In 1983, Thornhill became well-known for what is now a classic book in entomology, The Evolution of Insect Mating Systems, written with John Alcock. The book was the original treatise on the sex lives of the smaller majority, informed by scientific observations of insects and their many ways of coming together, be it in the sand, midair, on logs, or even underwater.1 It was not until 2000 that Thornhill became infamous. In that year he published a book in which he used models that he and Alcock developed to understand rape in insects (which is common and complicated in species like bedbugs that do terrible things under your sheets) in order to understand rape in humans.2 The book was greeted with intrigue but also outrage.
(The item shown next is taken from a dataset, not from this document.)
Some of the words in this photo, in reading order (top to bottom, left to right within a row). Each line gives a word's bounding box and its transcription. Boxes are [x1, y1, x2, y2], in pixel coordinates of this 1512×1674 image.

The outrage might have made Thornhill shy away from his work on the hearts and urges of humans. Instead, ever the academic cowboy, he assembled other biologists around him who study humans and human behavior from an evolutionary perspective that spans from insects to humans. From this intellectual posse, many wild ideas and wide-eyed scientists have emerged. Among the most recent of them is Corey Fincher. Fincher did not mean to become the most radical thinker in Thornhill’s posse, but it happened all the same.
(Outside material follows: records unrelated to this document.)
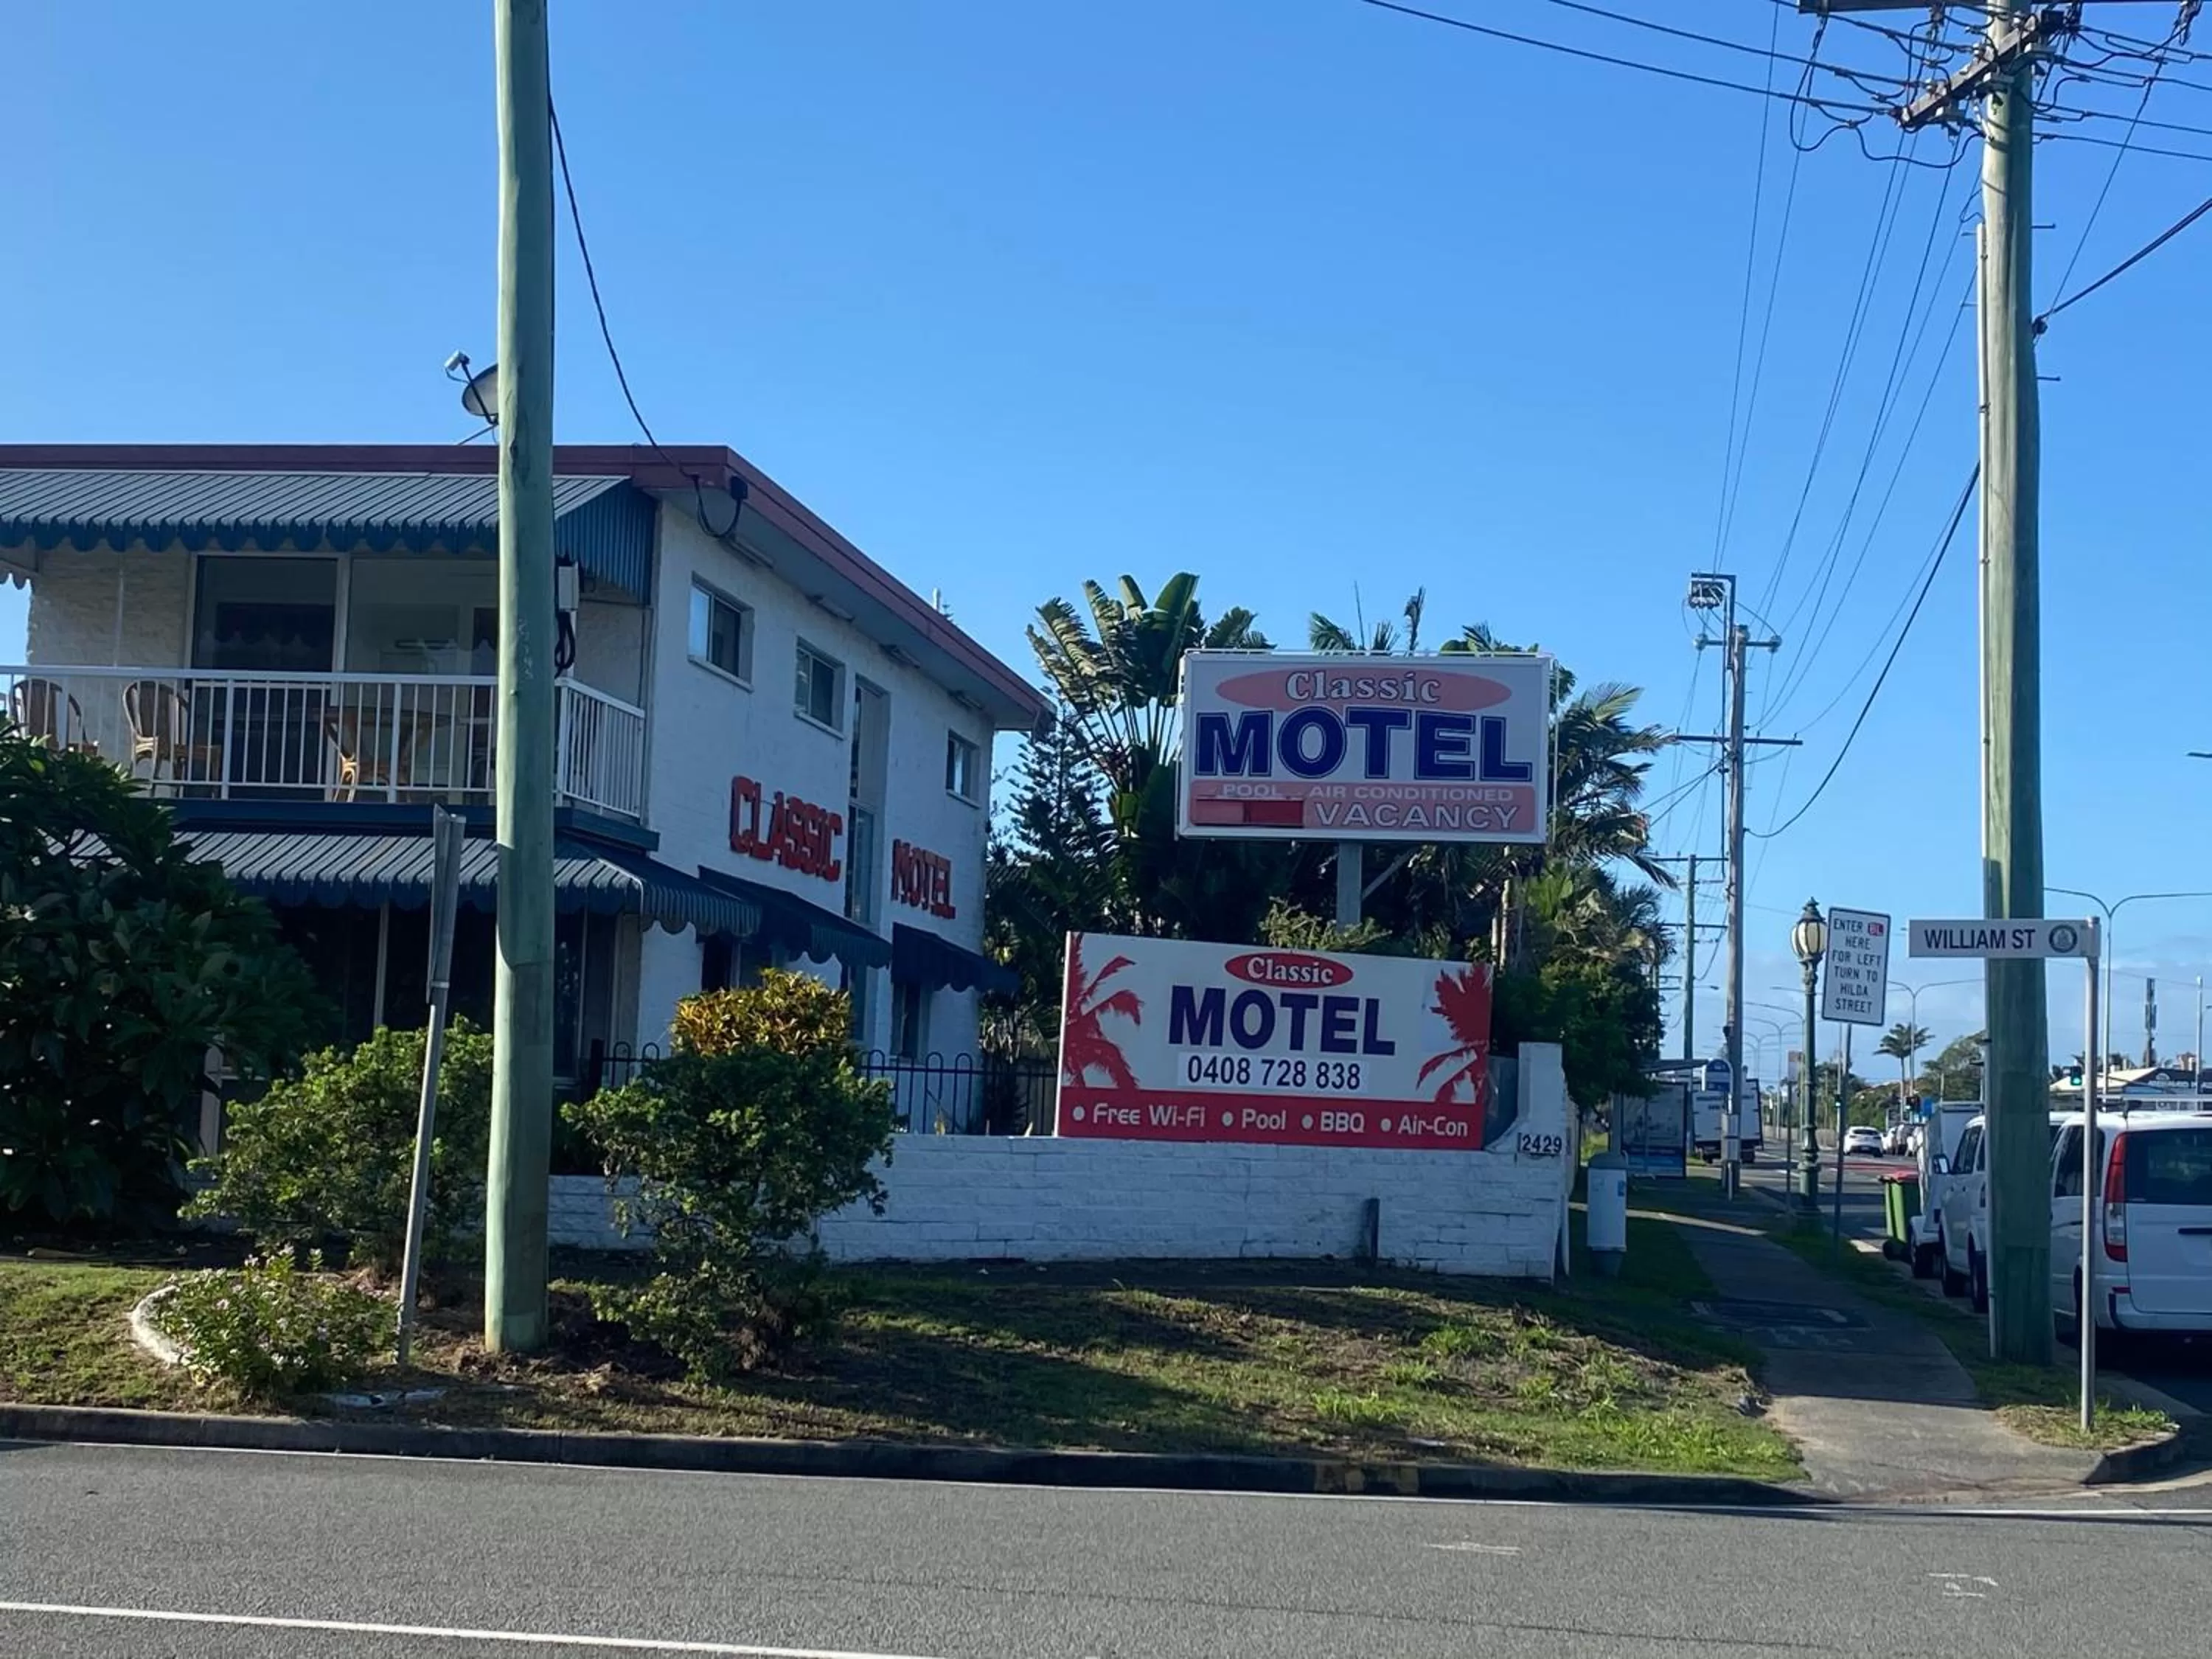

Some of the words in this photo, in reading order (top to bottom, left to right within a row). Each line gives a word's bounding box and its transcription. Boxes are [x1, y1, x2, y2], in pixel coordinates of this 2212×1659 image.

[1285, 672, 1441, 703] Classic
[1194, 706, 1533, 782] MOTEL
[1222, 783, 1282, 797] POOL
[1309, 785, 1346, 799] AIR
[1354, 786, 1514, 802] CONDITIONED
[1314, 802, 1519, 829] VACANCY
[730, 776, 844, 882] CLASSIC
[891, 838, 956, 919] MOTEL
[1833, 918, 1863, 933] ENTER
[1845, 936, 1871, 950] HERE
[1924, 928, 2006, 950] WILLIAM
[2011, 928, 2037, 950] ST
[1832, 949, 1851, 963] FOR
[1857, 953, 1882, 967] LEFT
[1246, 956, 1333, 984] Classic
[1834, 965, 1860, 980] TURN
[1867, 970, 1878, 983] TO
[1840, 983, 1868, 996] HILDA
[1834, 998, 1873, 1014] STREET
[1169, 984, 1397, 1056] MOTEL
[1188, 1055, 1251, 1085] 0408
[1261, 1058, 1307, 1088] 728
[1315, 1061, 1360, 1091] 838
[1148, 1104, 1206, 1128] Wi-Fi
[1241, 1108, 1287, 1130] Pool
[1320, 1111, 1365, 1133] BBQ
[1397, 1114, 1469, 1138] Air-Con
[1522, 1134, 1562, 1154] 2429
Corey Fincher began as a graduate student at the University of New Mexico in 1999. He planned to work on rattlesnake courtship. The sex lives of rattlesnakes are elaborate and intriguing. Fincher wanted to know the details. But things would not work out the way he wanted them to, perhaps because of the inherent difficulties of working with rattlesnakes, but also because Fincher’s mind had begun drifting to other topics. It is easy to get distracted in science, to wander along the millions of roads not yet ta
ken. Fincher was distracted by disease. Disease seemed to be everywhere he looked. He wondered how it was that species escaped disease. The more he read about disease the more it seemed surprising that any animals were ever healthy. But he still had to find something tractable to study for his thesis and so he focused on water striders, following up on work that Thornhill himself had done years before. He did so with enough success to produce a master’s degree. Yet he kept reading about disease. As he did, he realized that most animals, be they rattlesnakes, water striders, or monkeys, have an immune system, just as we do. But they also have what would later be called a behavioral immune system, a suite of responses to the world that make getting diseases less likely in the first place.3 Fincher wondered whether humans had behaviors for avoiding disease, behaviors that were either subconscious or buried so deep in the norms of cultures that they had not yet been recognized as doing anything useful at all. Soon Fincher found himself beginning a PhD. This time he would go boldly. Abandoning snakes and water striders, he wanted to understand the big story of disease, history, behavior, culture, and humans. Thornhill had looked at insect sex and seen human sex. Fincher looked at water striders, on the surfaces of ponds, and saw the long history of humans fleeing pathogens and evolving, as they did, just to get away.